**Work to complete:**
Please return the listing below word for word, minus its pictures.

== Extracted records ==

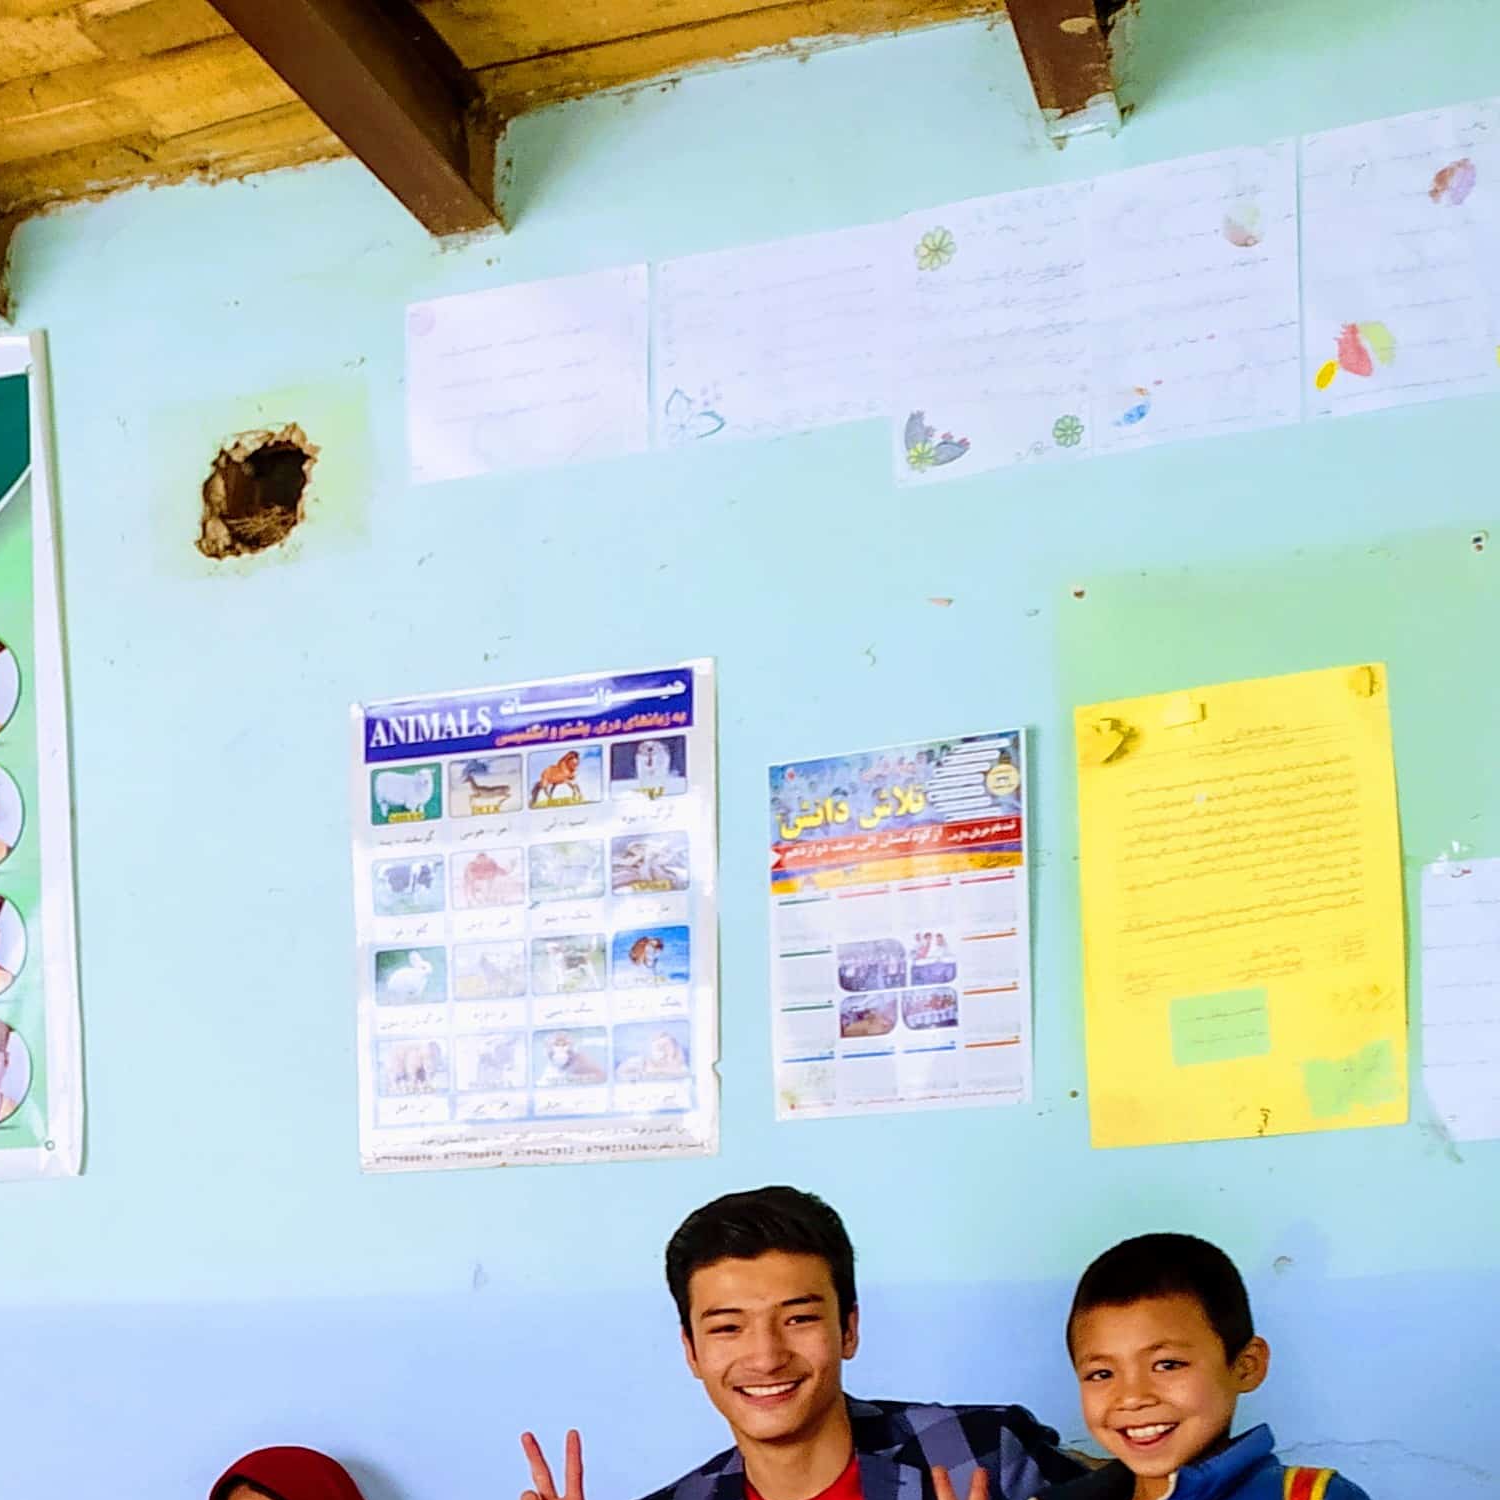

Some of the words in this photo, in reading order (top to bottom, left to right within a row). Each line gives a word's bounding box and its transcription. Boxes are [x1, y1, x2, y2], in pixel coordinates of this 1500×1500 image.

[369, 706, 493, 748] ANIMALS
[774, 796, 851, 841] دانش
[858, 783, 927, 830] تلاش
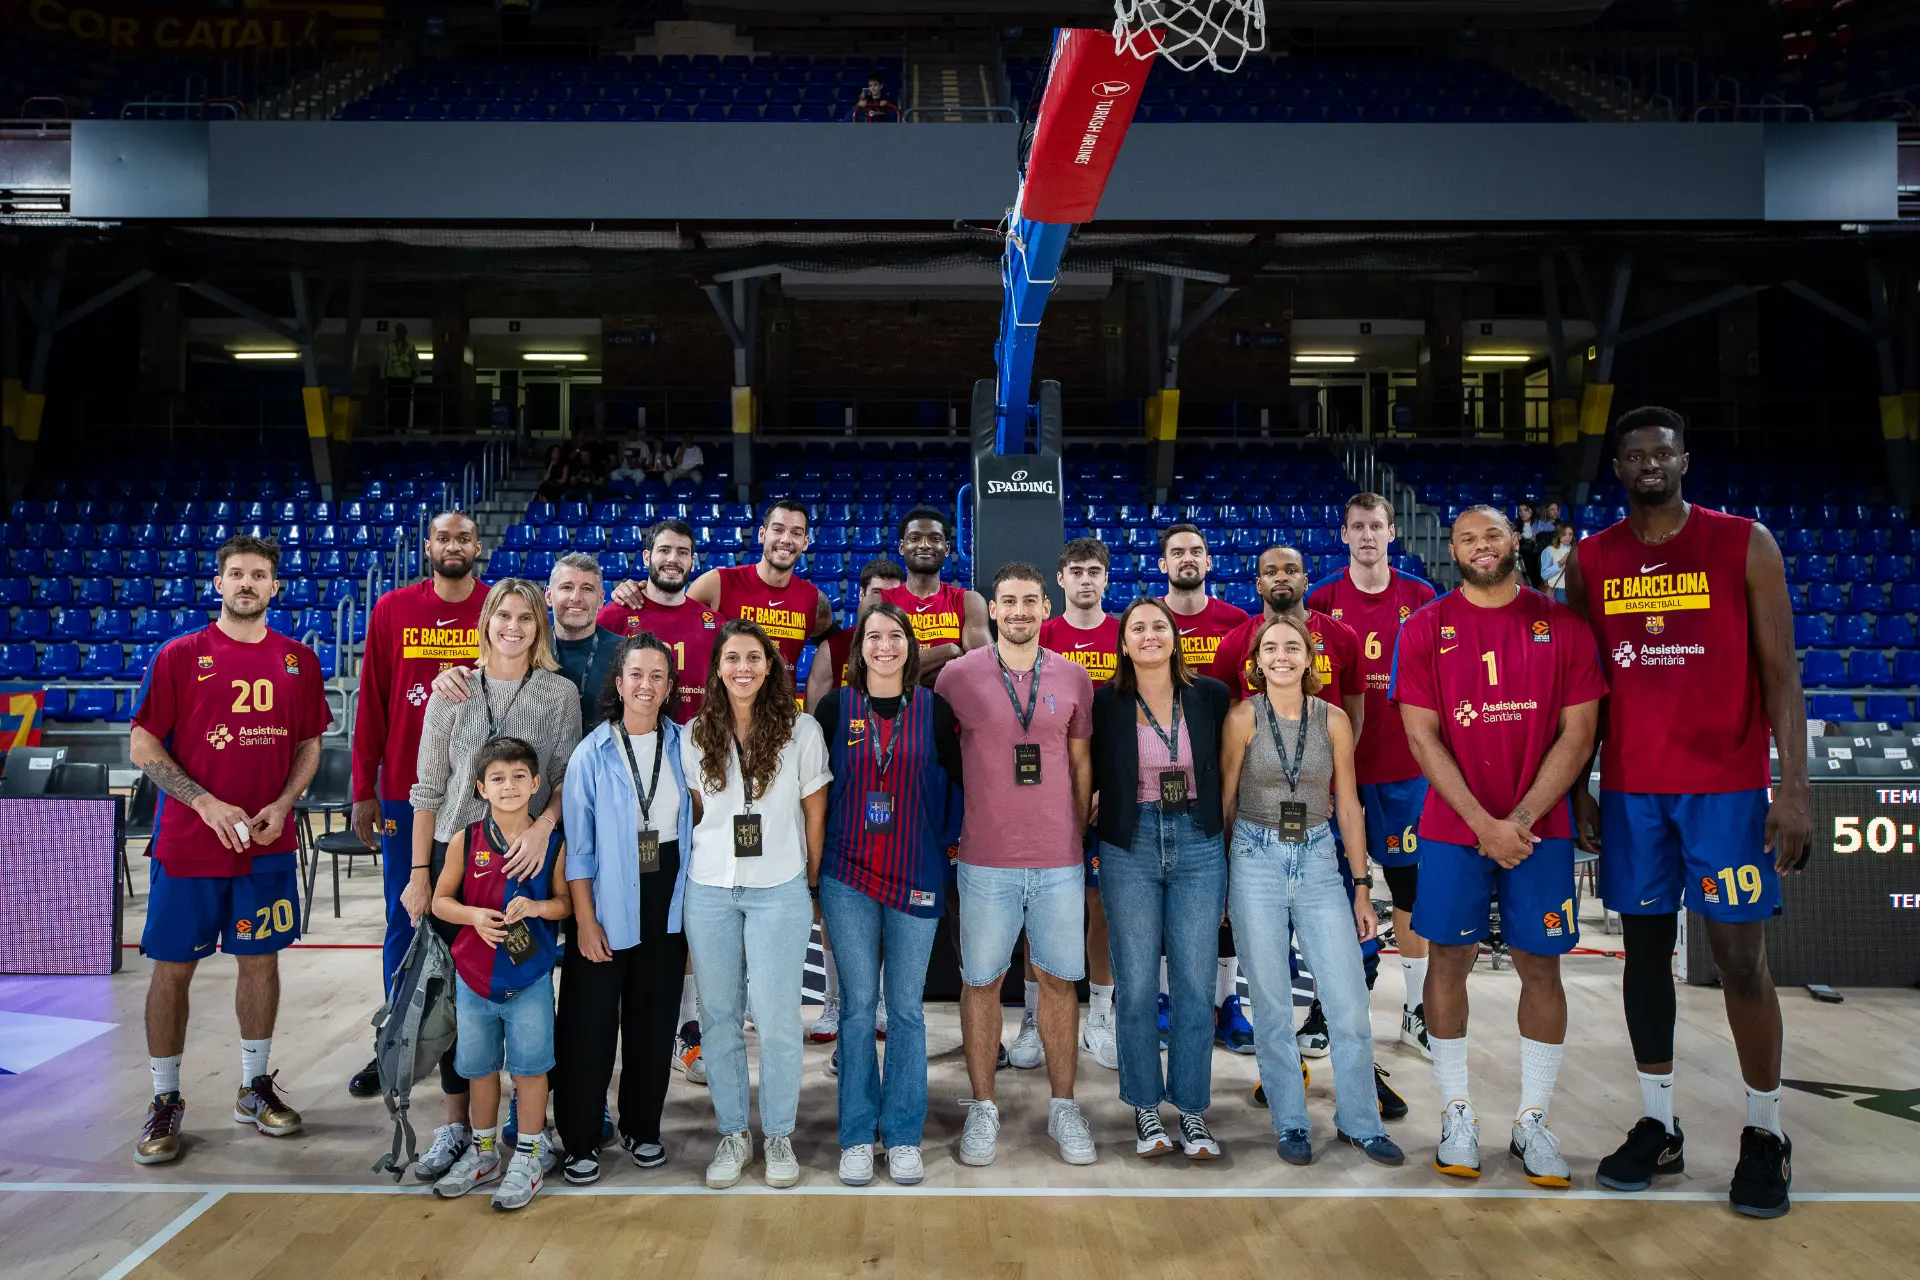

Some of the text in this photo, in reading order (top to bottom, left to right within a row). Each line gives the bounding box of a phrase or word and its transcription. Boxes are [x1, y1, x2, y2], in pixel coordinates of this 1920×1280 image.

===

**Reply:**
Some of the words in this photo, in reading order (top to bottom, left to right within a row). Each line gives a word's bounding box and its transcription. Boxes are [x1, y1, x2, y2], in pixel coordinates of this 1500×1500 image.

[369, 706, 493, 748] ANIMALS
[774, 796, 851, 841] دانش
[858, 783, 927, 830] تلاش

Some of the text in this photo, in reading order (top to bottom, left to right within a row). Each line gives the bounding box of a phrase or word and its transcription. Boxes are [x1, y1, x2, y2], in pixel coordinates of this 1920×1280 image.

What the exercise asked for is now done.